No member of the Board of Directors or the Committee shall be liable for any
such action or determination made in good faith.

      7. Amendment and Termination.

      (a) Amendment of the Plan. The Plan may be amended from time to time by
the Board of Directors in any respect, provided, however, that without
further approval by the shareholders of the Company, no amendment may
increase the maximum number of shares specified in Section 3 (except that
adjustments authorized by Section 9(b) shall not be limited by this
provision).

      (b) Amendment of the Agreements. The Board of Directors may cancel or
amend any agreement evidencing Option Rights granted under the Plan provided
that (1) the terms and conditions of each such agreement as amended are not
inconsistent with the Plan and (2) except as provided in Section 9(b), the
option price per share may not be increased or decreased following the Date
of Grant of the related Option Right.


                                     A-3


<PAGE>

      (c) Automatic Termination. The Plan will terminate at midnight on June
1, 2007 unless earlier terminated by the Board of Directors. However, Option
Rights granted on or before that date may extend beyond that date.
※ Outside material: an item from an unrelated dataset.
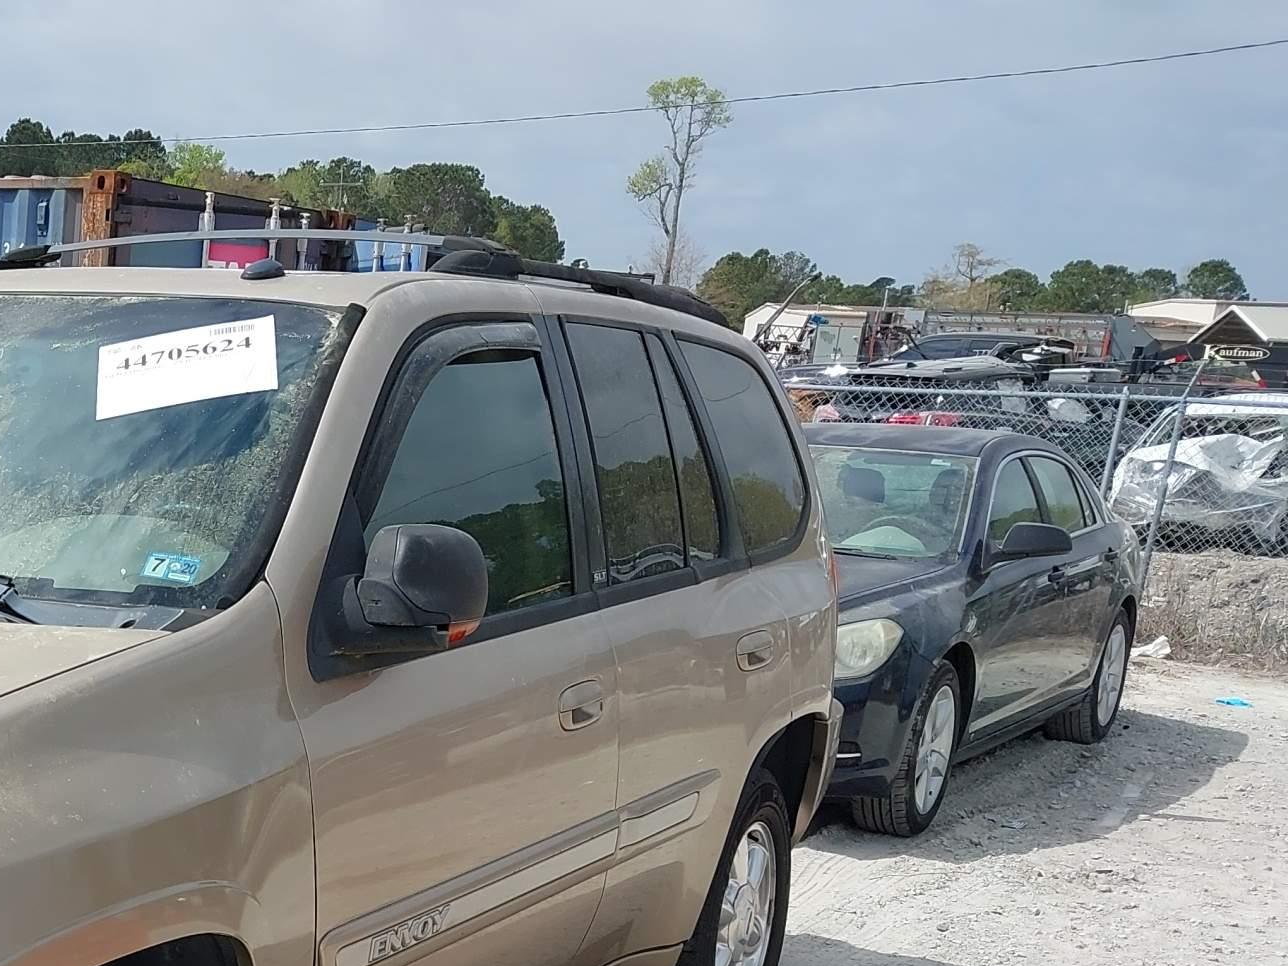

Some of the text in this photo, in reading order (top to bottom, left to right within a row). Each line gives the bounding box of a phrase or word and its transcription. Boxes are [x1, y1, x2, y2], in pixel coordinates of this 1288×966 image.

      8. Investment Purpose. If the Committee in its sole discretion
determines that as a matter of law such procedure is or may be desirable, it
may require a Participant, upon any acquisition of Common Stock under the
Plan (whether by reason of the exercise of stock options or the award of
Stock) and as a condition to the Company's obligation to issue or deliver
certificates representing such shares, to execute and deliver to the Company
a written statement, in form satisfactory to the Committee, representing and
warranting that the Participant's acquisition of shares of Common Stock shall
be for such person's own account, for investment and not with a view to the
resale or distribution thereof and that any subsequent offer for sale or sale
of any such shares shall be made either pursuant to (a) a registration
statement on an appropriate form under the Securities Act of 1933, as amended
(the "Securities Act"), which registration statement has become effective and
is current with respect to the shares being offered and sold, or (b) a
specific exemption from the registration requirements of the Securities Act,
but in claiming such exemption the Participant shall, prior to any offer for
sale or sale of such shares, obtain a favorable written opinion from counsel
for or approved by the Company as to the availability of such exemption. The
Company may endorse an appropriate legend referring to the foregoing
restriction upon the certificate or certificates representing any shares of
Common Stock issued or transferred to a Participant under the Plan.

      9. Miscellaneous.

      (a) Transferability. Except as otherwise provided in any agreement
evidencing Option Rights, no Option Right shall be transferable by a
Participant other than (a) by will or the laws of descent and distribution
and (b) to the Participant's children and to trusts for their benefit. Option
Rights shall be exercisable during the Participant's lifetime only by the
Participant or a transferee permitted by clause (b) of the preceding
sentence.

      (b) Adjustments. The Board of Directors may make or provide for such
adjustments in the exercise price, sale price and the number or kind of
shares of the Company's Common Stock or other securities covered by
outstanding Option Rights as the Board of Directors in its sole discretion,
exercised in good faith, may determine is equitably required to prevent
dilution or enlargement of the rights of Participants that would otherwise
result from (1) any stock dividend, stock split, combination of shares,
recapitalization or other change in the capital structure of the Company, (2)
any merger, consolidation, separation, reorganization or partial or complete
liquidation, or (3) any other corporate transaction or event having an effect
similar to any of the foregoing. The Board of Directors may also make or
provide for such adjustments in the number or kind or shares of the Company's
Common Stock or other securities which may be sold or transferred under the
Plan (including the maximum number of shares specified in Section 3) and in
the maximum number of shares that may be purchased or received by any person,
as the Board of Directors in its sole discretion, exercised in good faith,
may determine is appropriate to reflect any event of the type described in
clauses (1), (2) and/or (3) of the preceding sentence.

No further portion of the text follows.